The Texas Department of Banking and the Texas Funeral Directors Association broached these issues ten years ago.    In Opinion 98-15, the TDOB found that the preneed trustee fees could be used to pay for marketing expenses, outside recordkeeping for preneed contracts, and investment advice. (It is generally recognized that the trustee can incur expenses for trust accounting, legal expenses and tax reporting on behalf of the trust.)

 Eventually, Texas may review its preneed law in light of the fraud committed on its consumers and funeral directors by NPS. I suspect NPS exploited the Texas provisions allowing for a depository.   Before eliminating the authority to use the depository arrangement, the Texas legislature needs to appreciate the difficulty the industry has in attracting quality fiduciary services.   

Allowing the trust to bear the expense of compliance does not come without the risk of abuse. Services must be necessary to the trust, and reasonable in cost. One check against such abuse would be the requirement that services must be performed pursuant to a contract with the fiduciary. Transparency of the relationships among the parties, and the fees paid could serve as another check.   The IRS will likely require such transparency within the next few years as fiduciaries are required to ‘unbundle’ their fees for income tax reporting purposes.

Eventually, we may see death care fiduciary fees being broken down by the following services:

Asset management (investment)

Sub account administration

Tax reporting

Legal (contracts/compliance)

Legal (liability/litigation)

Custodial services

Regulatory and consumer reporting

Marketing

Ten years later, the TDOB opinion may be dated in terms of what constitutes a reasonable fee. Sub account administration can run as high as 85 basis points. Asset management fees will differ on the manager’s expertise, and 50 basis points is a fairly common fee. Tax reporting expenses can differ substantially based on the diversification of the trust assets.   Distribution oversight may require periodic examinations, and the expense that accompanies on-site reviews. Periodic statements to consumers and regulators will require administrative enhancements. However, economies of scale are crucial to minimizing these costs, and pooled administration will be key to providing the requisite economies of scale. Several years ago, the Office of the Comptroller of Currency recognized the role national banks could play in meeting the needs of the death care industry.

The death care trust is a different breed of animal from a bank’s staple trust business of estate planning.   Consequently, legislators need to allow fiduciaries to contract for those services crucial to enhancing the compliance that the preneed transaction so desperately needs.

A choice

It is encouraging when funeral directors and consumer advocates engage in meaningful debate about the future of Missouri's preneed industry.  And, there seems to be some consensus that the non-guaranteed contract should have a greater presence in the state. 

In the third of six scheduled meetings, industry and consumers were faced with those prickly issues of the trusting percentage, income accrual and portability.   While there were no resolutions, progress is being made.

There will be consumers who want to lock in a prearranged service, whether it is for price or because the individual has made a decision.   But what about the consumer who wants to start the prearrangement process and is not quite sure. 

The Missouri Funeral Directors and Embalmers Association broached the issue with a proposal that may have flaws, but provides a starting point for discussion.   In the discussion that ensued at the July 24th Review Committee meeting, it was suggested that the non-guaranteed account could be used as a hybrid form of preneed: where the prearrangement would not be finalized until 'everyone' was ready.  

Amen, Rev.

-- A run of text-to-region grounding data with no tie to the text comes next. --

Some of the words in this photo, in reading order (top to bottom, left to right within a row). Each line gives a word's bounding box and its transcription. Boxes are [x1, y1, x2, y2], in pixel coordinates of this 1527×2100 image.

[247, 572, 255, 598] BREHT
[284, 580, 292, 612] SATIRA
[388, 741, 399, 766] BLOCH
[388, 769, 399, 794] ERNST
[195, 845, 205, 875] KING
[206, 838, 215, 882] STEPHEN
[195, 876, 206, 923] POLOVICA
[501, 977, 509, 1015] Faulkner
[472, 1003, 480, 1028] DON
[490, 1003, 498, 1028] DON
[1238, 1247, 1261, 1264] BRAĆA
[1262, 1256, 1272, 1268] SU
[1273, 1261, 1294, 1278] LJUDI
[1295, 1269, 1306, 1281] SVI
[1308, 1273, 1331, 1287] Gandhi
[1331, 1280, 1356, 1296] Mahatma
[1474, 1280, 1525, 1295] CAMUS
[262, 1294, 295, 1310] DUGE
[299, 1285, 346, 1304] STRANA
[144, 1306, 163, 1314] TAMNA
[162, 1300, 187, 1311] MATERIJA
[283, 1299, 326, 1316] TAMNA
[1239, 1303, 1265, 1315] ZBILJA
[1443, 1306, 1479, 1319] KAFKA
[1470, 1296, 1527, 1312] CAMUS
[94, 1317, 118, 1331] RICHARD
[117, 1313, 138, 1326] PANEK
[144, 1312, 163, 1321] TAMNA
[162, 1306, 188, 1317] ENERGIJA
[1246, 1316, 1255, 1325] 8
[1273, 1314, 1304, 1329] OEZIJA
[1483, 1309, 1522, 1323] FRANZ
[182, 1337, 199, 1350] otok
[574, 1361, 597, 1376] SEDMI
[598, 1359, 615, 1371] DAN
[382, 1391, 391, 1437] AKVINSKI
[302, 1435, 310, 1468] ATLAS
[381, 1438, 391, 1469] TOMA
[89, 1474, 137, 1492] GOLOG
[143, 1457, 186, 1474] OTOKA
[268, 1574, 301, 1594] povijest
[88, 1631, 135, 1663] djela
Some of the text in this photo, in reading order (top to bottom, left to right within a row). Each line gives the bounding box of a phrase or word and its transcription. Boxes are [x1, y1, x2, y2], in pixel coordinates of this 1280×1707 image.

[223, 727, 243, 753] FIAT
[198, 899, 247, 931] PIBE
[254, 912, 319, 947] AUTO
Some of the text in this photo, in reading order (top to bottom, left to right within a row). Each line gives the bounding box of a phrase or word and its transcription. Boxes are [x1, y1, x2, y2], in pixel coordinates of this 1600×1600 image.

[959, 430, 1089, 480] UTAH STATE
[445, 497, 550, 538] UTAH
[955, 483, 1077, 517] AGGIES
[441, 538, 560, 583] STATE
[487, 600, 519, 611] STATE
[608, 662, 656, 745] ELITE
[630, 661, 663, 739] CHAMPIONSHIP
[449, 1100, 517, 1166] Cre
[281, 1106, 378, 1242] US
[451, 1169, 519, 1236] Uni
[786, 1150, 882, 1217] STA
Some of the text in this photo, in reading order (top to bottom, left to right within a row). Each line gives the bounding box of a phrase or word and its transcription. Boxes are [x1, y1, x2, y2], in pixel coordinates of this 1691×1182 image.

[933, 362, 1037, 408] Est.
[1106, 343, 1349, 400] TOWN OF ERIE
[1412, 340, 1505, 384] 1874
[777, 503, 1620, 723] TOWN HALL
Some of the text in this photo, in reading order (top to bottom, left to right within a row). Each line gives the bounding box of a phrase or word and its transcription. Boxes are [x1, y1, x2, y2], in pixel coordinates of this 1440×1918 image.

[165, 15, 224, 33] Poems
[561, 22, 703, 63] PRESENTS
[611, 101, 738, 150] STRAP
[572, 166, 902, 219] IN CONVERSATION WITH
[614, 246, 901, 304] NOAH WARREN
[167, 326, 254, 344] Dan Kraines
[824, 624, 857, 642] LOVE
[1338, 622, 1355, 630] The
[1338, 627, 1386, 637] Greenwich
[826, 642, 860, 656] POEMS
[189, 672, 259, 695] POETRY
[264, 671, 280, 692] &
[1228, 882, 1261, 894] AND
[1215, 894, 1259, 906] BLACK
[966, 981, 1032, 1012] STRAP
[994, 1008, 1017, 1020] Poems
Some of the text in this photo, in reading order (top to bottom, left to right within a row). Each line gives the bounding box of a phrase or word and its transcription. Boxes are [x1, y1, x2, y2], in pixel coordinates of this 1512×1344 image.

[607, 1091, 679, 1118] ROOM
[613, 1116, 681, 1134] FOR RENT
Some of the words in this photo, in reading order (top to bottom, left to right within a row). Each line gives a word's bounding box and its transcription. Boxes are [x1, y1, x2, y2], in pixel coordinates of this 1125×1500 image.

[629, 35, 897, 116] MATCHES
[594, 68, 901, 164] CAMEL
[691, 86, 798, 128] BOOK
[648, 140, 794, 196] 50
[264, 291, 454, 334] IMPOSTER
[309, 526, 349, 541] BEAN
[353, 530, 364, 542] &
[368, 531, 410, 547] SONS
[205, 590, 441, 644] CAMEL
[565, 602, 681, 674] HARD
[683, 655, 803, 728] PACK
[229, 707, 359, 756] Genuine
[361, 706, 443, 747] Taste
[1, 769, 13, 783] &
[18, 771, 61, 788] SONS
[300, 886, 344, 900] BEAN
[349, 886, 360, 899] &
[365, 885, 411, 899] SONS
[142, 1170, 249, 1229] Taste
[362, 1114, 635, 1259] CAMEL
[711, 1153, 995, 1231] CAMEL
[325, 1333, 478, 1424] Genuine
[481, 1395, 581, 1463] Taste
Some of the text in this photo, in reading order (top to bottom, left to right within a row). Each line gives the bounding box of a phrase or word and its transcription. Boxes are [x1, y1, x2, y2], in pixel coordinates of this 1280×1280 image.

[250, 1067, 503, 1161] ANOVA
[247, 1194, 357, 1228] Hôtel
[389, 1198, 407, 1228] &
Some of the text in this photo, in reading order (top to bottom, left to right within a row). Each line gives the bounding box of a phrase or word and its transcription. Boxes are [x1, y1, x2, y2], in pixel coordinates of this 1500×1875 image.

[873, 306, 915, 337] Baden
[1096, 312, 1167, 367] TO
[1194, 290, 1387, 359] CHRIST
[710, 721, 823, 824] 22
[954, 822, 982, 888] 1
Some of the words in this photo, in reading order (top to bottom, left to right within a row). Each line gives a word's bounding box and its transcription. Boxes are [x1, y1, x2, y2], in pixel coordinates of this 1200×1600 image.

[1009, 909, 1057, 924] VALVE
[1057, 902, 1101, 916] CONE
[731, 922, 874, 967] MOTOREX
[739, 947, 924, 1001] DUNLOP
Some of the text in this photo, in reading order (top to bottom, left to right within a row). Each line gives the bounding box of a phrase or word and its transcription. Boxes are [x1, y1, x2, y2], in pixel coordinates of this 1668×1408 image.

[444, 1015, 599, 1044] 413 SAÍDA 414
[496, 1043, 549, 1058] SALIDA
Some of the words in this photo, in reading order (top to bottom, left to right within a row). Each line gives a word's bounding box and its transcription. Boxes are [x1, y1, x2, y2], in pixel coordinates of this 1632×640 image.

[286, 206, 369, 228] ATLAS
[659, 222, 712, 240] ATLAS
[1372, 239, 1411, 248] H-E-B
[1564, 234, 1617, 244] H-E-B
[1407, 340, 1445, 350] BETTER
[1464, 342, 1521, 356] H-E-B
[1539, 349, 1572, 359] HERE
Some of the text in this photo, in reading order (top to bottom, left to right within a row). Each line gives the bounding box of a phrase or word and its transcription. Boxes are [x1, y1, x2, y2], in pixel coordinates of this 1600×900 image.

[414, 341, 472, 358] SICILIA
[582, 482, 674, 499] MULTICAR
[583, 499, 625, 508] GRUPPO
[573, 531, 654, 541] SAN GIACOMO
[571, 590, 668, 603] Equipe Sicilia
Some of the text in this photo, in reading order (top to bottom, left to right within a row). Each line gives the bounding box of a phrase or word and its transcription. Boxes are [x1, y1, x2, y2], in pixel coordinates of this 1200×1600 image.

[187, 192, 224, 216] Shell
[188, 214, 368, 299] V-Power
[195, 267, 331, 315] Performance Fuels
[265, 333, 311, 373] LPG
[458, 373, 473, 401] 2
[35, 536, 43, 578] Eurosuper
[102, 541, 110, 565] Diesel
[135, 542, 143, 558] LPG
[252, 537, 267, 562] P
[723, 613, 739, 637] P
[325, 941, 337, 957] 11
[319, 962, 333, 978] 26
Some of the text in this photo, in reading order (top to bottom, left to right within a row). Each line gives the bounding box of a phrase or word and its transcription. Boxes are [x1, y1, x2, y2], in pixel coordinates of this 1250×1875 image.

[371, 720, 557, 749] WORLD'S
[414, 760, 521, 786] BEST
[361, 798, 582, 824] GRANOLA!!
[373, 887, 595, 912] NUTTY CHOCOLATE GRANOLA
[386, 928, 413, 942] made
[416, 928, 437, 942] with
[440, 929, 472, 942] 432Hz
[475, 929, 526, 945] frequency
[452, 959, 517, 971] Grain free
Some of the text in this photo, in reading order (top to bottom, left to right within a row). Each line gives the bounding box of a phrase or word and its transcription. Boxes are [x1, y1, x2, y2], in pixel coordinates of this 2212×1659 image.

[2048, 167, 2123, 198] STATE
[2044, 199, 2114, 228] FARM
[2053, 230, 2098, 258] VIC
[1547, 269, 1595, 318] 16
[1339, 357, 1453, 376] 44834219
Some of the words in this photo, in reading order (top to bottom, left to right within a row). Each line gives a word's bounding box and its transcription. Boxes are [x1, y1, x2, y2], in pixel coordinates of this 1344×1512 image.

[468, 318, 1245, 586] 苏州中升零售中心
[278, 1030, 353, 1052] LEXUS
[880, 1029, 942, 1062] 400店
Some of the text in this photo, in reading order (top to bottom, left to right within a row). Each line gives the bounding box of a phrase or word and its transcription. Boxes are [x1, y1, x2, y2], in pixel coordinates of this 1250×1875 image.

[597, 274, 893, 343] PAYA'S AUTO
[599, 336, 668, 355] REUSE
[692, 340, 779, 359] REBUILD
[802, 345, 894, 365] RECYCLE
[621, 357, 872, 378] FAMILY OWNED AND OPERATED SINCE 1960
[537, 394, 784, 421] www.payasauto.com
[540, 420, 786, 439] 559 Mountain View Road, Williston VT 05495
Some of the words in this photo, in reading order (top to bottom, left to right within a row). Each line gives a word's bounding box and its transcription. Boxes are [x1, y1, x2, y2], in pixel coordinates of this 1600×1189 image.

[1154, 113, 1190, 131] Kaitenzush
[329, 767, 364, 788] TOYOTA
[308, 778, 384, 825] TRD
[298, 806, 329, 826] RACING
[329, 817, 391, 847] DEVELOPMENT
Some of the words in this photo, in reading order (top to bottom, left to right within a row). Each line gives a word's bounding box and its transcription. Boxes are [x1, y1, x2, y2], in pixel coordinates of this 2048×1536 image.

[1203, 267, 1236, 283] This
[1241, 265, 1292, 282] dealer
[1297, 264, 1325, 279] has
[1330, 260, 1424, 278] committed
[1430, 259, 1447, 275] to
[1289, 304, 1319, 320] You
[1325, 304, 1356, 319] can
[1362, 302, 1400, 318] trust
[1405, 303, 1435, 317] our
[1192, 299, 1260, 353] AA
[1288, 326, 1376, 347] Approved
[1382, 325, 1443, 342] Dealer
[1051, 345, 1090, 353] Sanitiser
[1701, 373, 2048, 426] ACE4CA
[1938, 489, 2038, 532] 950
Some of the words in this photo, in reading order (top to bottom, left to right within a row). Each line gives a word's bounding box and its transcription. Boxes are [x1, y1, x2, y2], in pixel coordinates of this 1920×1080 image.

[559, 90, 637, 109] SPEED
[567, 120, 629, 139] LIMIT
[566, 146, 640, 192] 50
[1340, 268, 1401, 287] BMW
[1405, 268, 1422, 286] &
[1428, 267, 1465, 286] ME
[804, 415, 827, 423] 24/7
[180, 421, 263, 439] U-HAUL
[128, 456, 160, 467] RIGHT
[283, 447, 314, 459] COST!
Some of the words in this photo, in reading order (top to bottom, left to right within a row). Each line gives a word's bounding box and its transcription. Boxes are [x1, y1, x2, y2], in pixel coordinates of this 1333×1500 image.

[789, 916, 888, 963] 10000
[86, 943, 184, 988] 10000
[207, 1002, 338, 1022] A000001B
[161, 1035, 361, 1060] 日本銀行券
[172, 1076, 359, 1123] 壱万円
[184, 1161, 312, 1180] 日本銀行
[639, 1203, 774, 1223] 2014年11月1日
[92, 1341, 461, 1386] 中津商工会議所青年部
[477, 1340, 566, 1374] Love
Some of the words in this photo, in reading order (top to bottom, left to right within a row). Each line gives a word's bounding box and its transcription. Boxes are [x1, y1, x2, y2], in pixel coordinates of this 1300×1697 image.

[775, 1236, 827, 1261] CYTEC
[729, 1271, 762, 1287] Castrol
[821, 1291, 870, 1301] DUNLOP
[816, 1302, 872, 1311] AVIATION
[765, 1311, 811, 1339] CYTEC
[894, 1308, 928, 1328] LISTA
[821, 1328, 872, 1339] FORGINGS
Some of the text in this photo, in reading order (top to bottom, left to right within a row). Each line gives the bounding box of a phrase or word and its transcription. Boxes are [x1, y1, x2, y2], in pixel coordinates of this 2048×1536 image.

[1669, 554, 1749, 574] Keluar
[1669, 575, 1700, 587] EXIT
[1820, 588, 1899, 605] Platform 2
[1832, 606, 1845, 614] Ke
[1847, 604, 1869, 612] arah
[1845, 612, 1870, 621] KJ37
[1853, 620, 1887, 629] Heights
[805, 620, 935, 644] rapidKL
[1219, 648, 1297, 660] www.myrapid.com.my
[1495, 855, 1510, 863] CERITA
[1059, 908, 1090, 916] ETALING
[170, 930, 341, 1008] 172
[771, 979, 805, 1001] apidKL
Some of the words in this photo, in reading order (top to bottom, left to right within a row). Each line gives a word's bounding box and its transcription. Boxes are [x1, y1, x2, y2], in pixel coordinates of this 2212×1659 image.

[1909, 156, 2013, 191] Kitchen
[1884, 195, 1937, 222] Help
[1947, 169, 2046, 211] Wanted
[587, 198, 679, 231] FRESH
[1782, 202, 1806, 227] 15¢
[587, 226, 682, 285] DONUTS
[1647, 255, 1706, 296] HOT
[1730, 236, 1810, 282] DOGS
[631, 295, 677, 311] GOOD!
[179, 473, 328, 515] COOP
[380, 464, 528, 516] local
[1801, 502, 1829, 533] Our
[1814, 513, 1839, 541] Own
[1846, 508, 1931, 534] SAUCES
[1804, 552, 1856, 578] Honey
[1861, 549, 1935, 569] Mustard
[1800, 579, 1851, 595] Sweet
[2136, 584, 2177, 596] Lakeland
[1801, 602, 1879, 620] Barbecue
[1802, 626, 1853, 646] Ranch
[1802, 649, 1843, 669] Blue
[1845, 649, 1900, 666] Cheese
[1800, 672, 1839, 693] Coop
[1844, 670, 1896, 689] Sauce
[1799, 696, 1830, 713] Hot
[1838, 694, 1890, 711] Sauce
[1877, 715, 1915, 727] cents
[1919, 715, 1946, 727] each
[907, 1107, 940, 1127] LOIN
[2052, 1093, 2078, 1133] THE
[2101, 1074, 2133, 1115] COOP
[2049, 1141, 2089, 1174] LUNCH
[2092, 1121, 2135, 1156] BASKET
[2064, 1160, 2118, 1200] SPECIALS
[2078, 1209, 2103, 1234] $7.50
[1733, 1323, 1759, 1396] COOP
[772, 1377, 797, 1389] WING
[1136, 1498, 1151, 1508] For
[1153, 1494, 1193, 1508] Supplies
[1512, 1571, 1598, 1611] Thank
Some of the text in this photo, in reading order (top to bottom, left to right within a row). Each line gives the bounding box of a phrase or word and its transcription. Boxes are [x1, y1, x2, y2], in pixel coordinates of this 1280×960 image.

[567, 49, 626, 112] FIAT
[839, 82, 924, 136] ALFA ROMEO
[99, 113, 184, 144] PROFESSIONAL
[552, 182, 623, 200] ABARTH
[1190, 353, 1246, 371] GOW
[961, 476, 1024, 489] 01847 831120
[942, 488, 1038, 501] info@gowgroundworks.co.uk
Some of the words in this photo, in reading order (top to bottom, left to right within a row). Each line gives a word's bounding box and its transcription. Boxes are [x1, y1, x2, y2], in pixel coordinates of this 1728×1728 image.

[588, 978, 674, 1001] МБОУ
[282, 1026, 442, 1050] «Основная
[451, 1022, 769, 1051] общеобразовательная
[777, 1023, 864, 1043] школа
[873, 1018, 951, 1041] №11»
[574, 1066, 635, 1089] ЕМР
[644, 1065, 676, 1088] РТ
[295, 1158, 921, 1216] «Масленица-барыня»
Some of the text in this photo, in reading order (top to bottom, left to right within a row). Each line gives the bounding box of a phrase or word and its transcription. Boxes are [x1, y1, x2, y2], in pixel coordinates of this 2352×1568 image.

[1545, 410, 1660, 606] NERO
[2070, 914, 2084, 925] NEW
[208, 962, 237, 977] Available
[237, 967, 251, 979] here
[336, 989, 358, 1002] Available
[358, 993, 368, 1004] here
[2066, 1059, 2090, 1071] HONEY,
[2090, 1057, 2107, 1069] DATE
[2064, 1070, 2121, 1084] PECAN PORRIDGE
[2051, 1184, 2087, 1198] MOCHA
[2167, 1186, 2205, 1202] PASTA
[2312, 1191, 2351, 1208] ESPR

Stroud.

It was the attorney's fault

Here is a twist on the “Another theft from a death care trust”: this one does not involve a cemetery operator or a funeral director. Last week, an Indiana grand jury indicted a banker, an investment advisor and an attorney. What may sound like the beginning of a joke that most funeral directors and cemeterians can relate to, this story actually involves a trio of fiduciaries who worked with both Clayton Smart and Robert Nelms.  

Prior industry reporting helps connect the dots between David Becher, Mark Singer and Sherry Katz-Crank.  Ms. Katz-Crank is the co-founder and general counsel for Security Financial Management Company, a Michigan firm. Mr. Becher was an officer with Community Trust & Investment, an institution based in Noblesville, Indiana. Mr. Singer worked for Smith Barney in Philadelphia. 

While it does not come as a surprise that prosecutors from Michigan and Tennessee are looking at these connections, other states may also be conducting related investigations.    

Use it or lose it?

What happens when the family opts for a cremation at the time of need when the preneed contract provides for a traditional funeral?  If the preneed contract was purchased in a spend down situation, the funeral director and the family may be caught in a Catch -22.  Many states' laws preclude the refund of the funds to the family. 

Missouri law (RSMo 208.010.4) provides that if a preneed contract beneficiary was receiving public assistance, any cancellation or amendment of a preneed contract will result in the amount in excess of the cost of the funeral being refunded to the state (up to the amount of the benefits received).  Kansas law imposes a similar requirement on the funeral home to refund the excess to the state.  A Kansas Attorney General opinion states this is even required in the absence of a contract amendment. 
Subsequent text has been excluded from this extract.